MOSCOW, April 16 (JTA) The weekend takeover of Russia’s only independent, nationwide television channel by the state-owned natural gas monopoly Gazprom is being seen here as a crackdown on free speech.
The NTV channel had been the property of Vladimir Goussinsky, the former president of the Russian Jewish Congress leading some Russian Jews, who flocked to demonstrations in Moscow protesting Gazprom’s “coup” against NTV, to worry that a crackdown on the Jewish community might also be in the offing.
“I don’t sympathize with the NTV fat cats, including Goussinsky,” said Yevgenia Krukovskaya, a Jewish university student.
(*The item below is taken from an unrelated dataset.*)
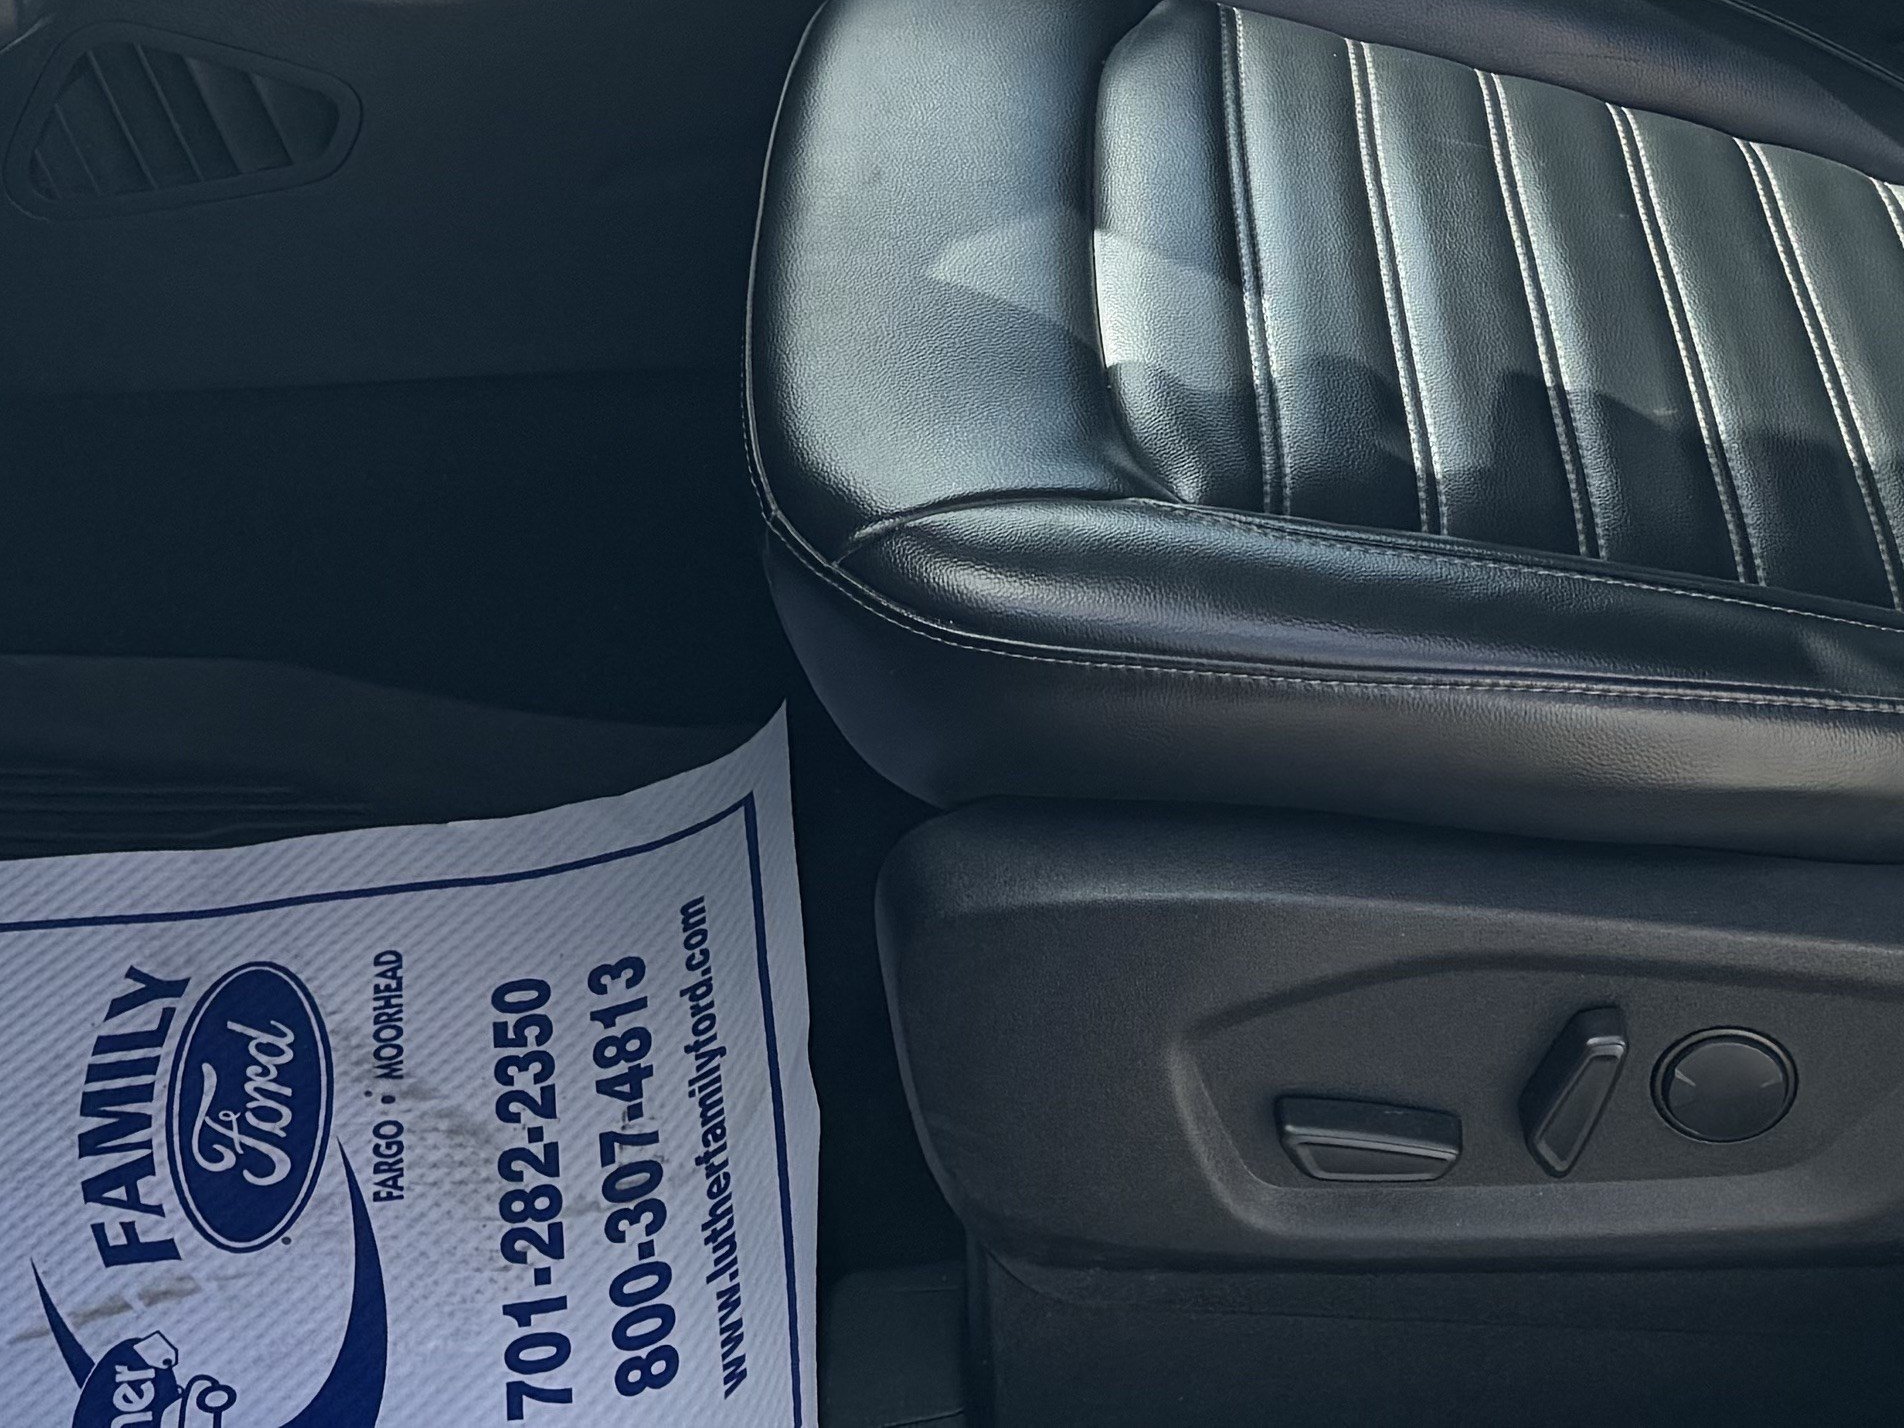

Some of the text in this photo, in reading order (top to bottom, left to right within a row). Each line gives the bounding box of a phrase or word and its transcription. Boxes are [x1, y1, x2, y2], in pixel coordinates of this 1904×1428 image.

“It is well-known that some of the top NTV people are former KGB officers,” Krukovskaya said in a downtown Moscow square full of NTV supporters, expressing a widespread belief. “But I am going to this demonstration because I understand that if they are closing down this independent channel, they are closing down the freedom of speech and democracy and after that, as usual, they will crack down on the Jews.”
As if to support her misgivings, a group of middle-aged women a dozen steps from Krukovskaya carried posters reading “Close Down the Zhids’ TV Box” and “NTV People Servants of Israel.”
An elderly man harangued passersby with the argument that Jews have plundered Russia and that NTV is a platform for Zionists.
Some of the thousands of pro-NTV demonstrators quickly tore down the anti-Semitic posters.
But the small group probably reflected the feelings of many thousands of Russians who viewed NTV as a mouthpiece of Russian Jewry.
Gazprom, NTV’s main creditor and shareholder, said it took over the station to improve the channel’s management and recoup some of the $200 million to $400 million it had lent NTV. Still, the move has been widely understood as having political connotations.
“There is much more here than a simple business deal gone bad,” said Mark Levin, the executive director of the Washington-based NCSJ: Advocates on Behalf of Jews in Russia, Ukraine, the Baltic States & Eurasia. “This clearly goes into the issue of whether the government is going to allow an independent voice in the media.”
NTV sharply criticized the Kremlin’s war against Muslim separatists in Chechnya, and during the last presidential election in 2000, it supported Vladimir Putin’s rival, liberal Grigory Yavlinsky.
Soon after Putin became president, the Kremlin launched its campaign against Goussinsky, who fled to Spain and is now fighting Russian attempts to extradite him to face embezzlement charges.
Sources say that if Moscow’s extradition efforts prove unsuccessful, Goussinsky will move to Israel, where he owns 25 percent of the Ma’ariv newspaper and has a substantial stake in the country’s mobile communications market.
He also is reportedly financing a new Russian-language Israeli TV channel, which could allow him to become a major player in Israel’s huge Russian community.
Some Jewish observers believe the takeover has dashed the hopes of Russian Jewry to become a major player in Russian politics.
Both Goussinsky and Boris Berezovsky, another Russian media tycoon with Jewish roots, had played such a role.
Unlike Berezovsky, who had himself baptized but never tried to hide his Jewish roots, Goussinsky took a leading role in the Jewish community.
Another Jewish umbrella group, the Federation of Jewish Communities of the Soviet Union, reportedly is considering entering the political fray. But sources say the federation’s political activities depend on the personal relationship between Israeli-based diamond tycoon Lev Levayev and Kremlin official Alexander Voloshin and that Voloshin’s influence is weakening.
Meanwhile, the latest developments have brought long-time foes Berezovsky and Goussinsky closer. Many of the NTV journalists quit the station after the takeover and, with Goussinsky’s help, are trying to create a new independent channel at Berezovsky’s TV-6.
“We are very different people, although of the same ethnicity,” Berezovsky said. “But we managed to cut a deal and joined forces at a critical juncture.”